Leaving all pictures aside, write out the records below precisely as given.

+ + + + + + +

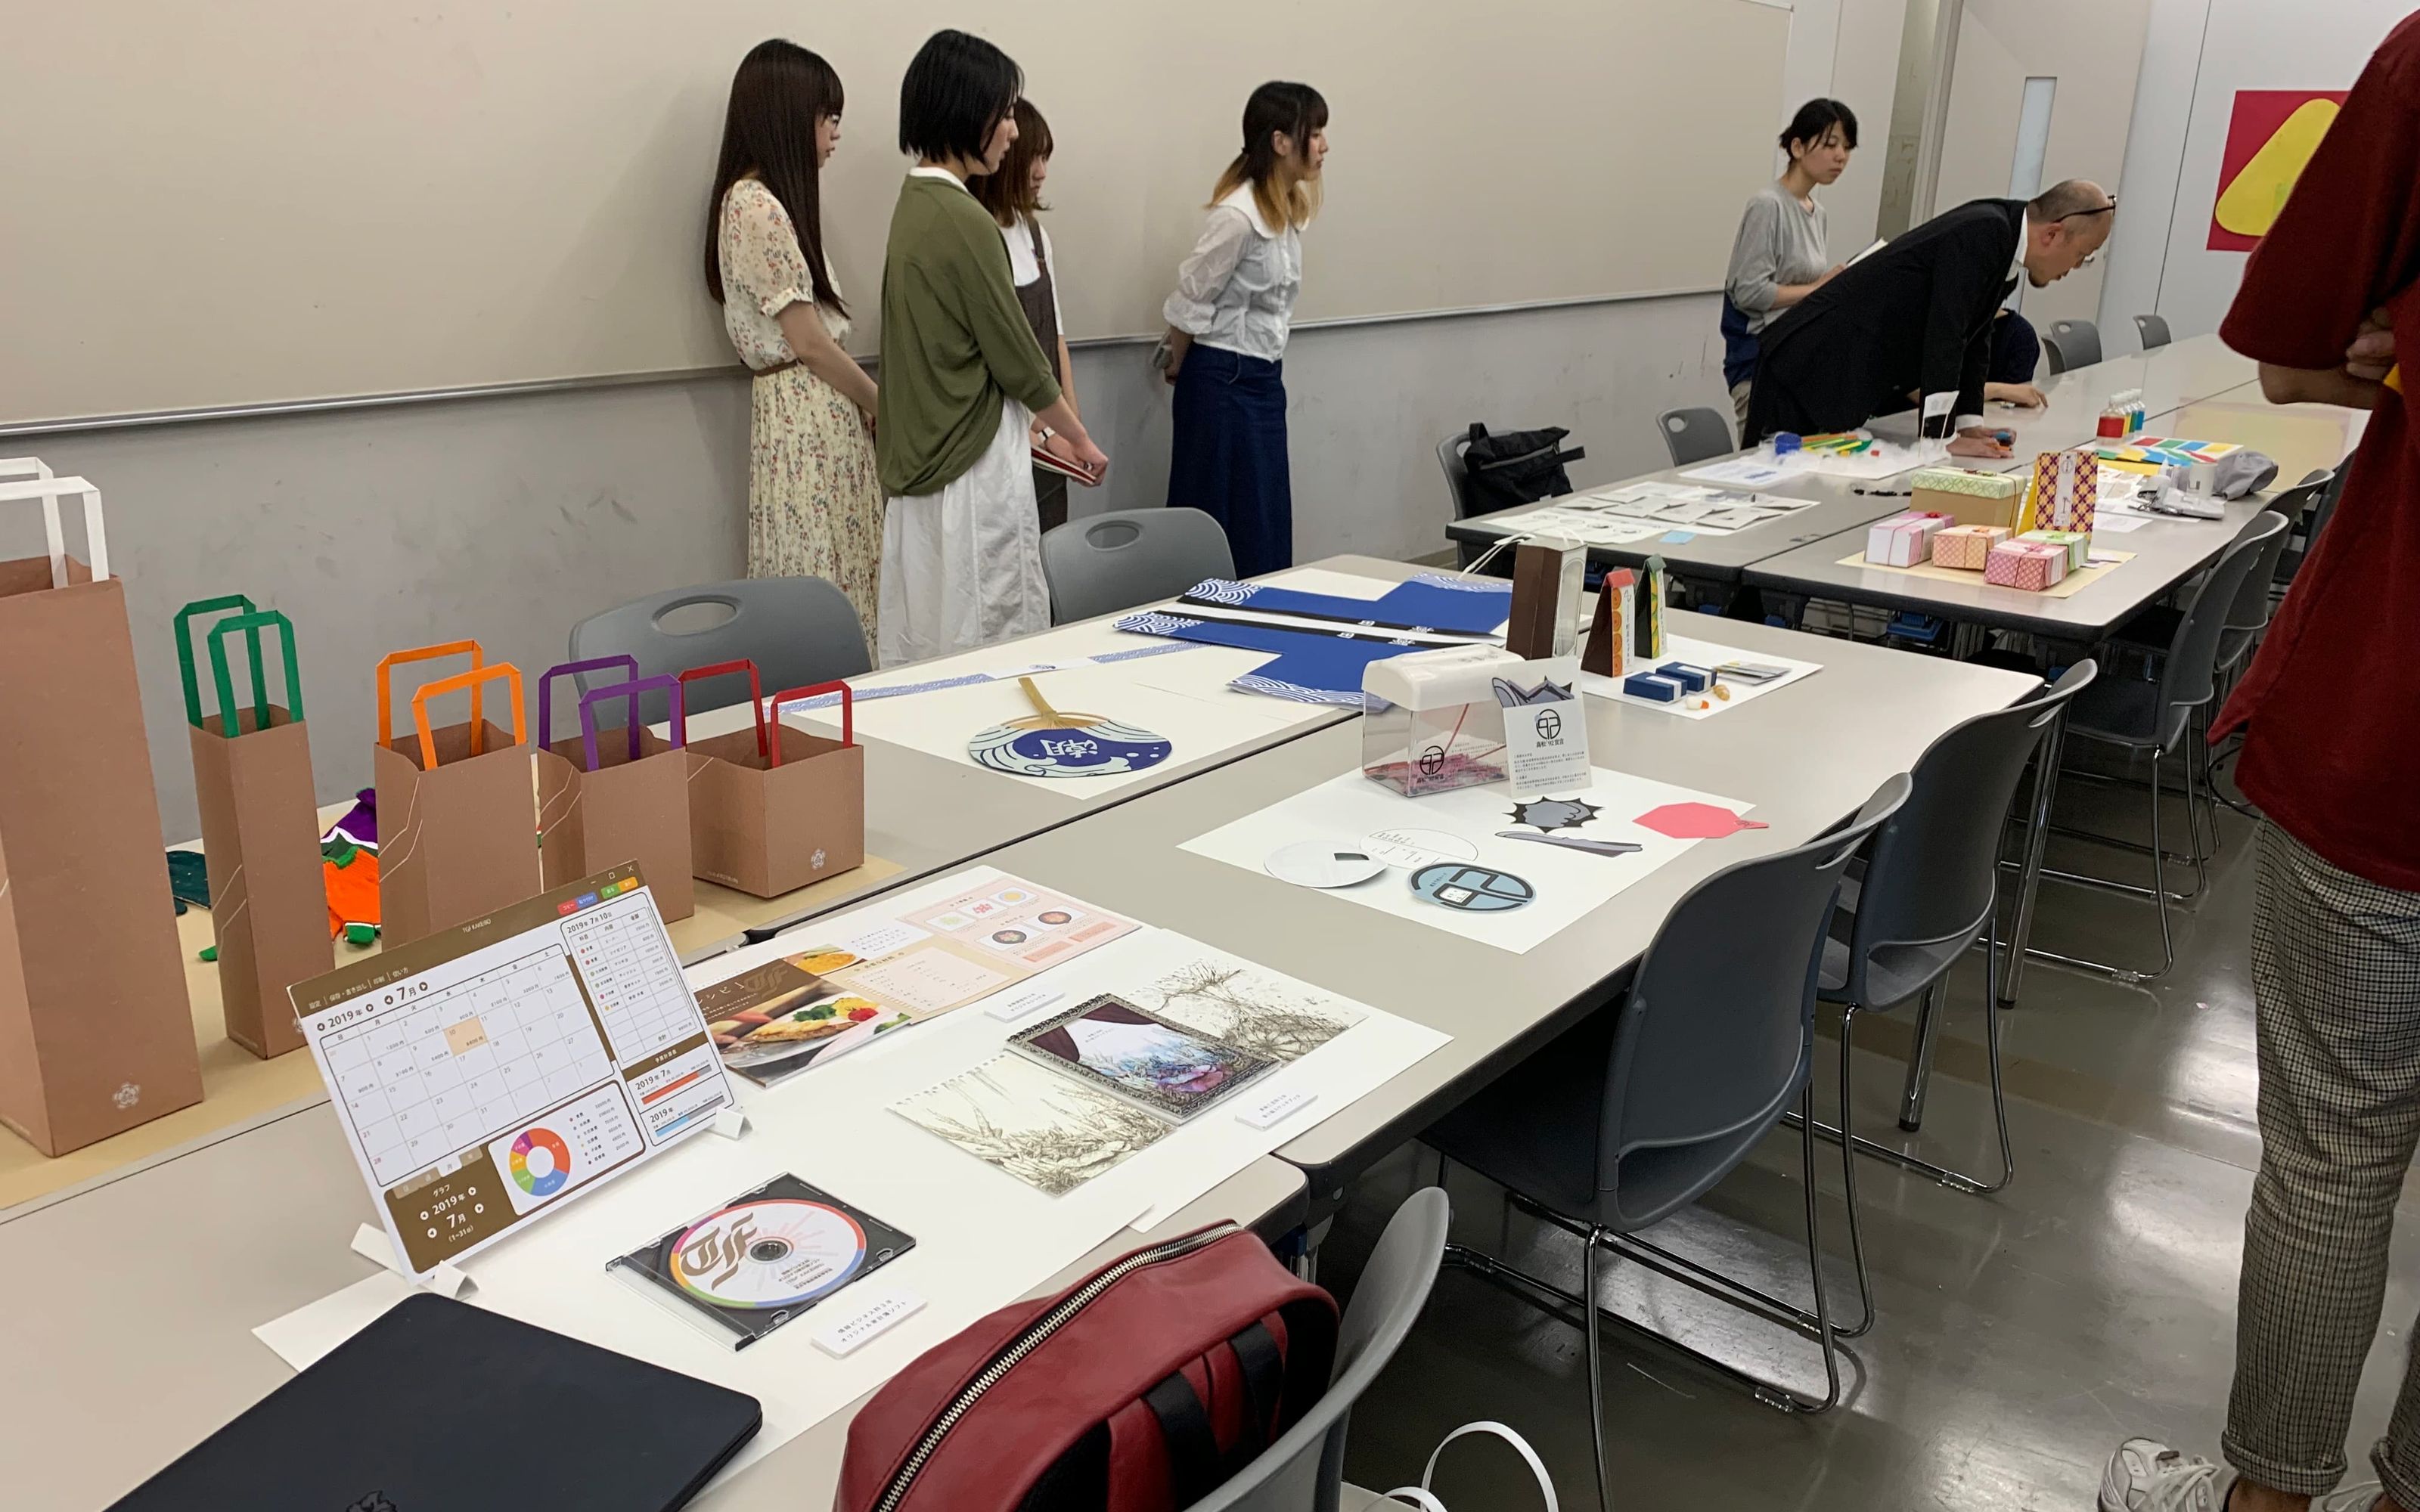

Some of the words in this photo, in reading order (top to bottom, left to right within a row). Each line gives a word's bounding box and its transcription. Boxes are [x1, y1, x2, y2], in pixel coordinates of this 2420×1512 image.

[327, 1009, 363, 1028] 2019年
[396, 987, 417, 1001] 7月
[650, 1107, 674, 1123] 2019年
[433, 1184, 451, 1198] グラフ
[432, 1193, 467, 1215] 2019年
[446, 1213, 467, 1228] 7月

+ + + + + + +

## Solution to this task
Some of the words in this photo, in reading order (top to bottom, left to right within a row). Each line gives a word's bounding box and its transcription. Boxes are [x1, y1, x2, y2], in pixel coordinates of this 2420×1512 image.

[327, 1009, 363, 1028] 2019年
[396, 987, 417, 1001] 7月
[650, 1107, 674, 1123] 2019年
[433, 1184, 451, 1198] グラフ
[432, 1193, 467, 1215] 2019年
[446, 1213, 467, 1228] 7月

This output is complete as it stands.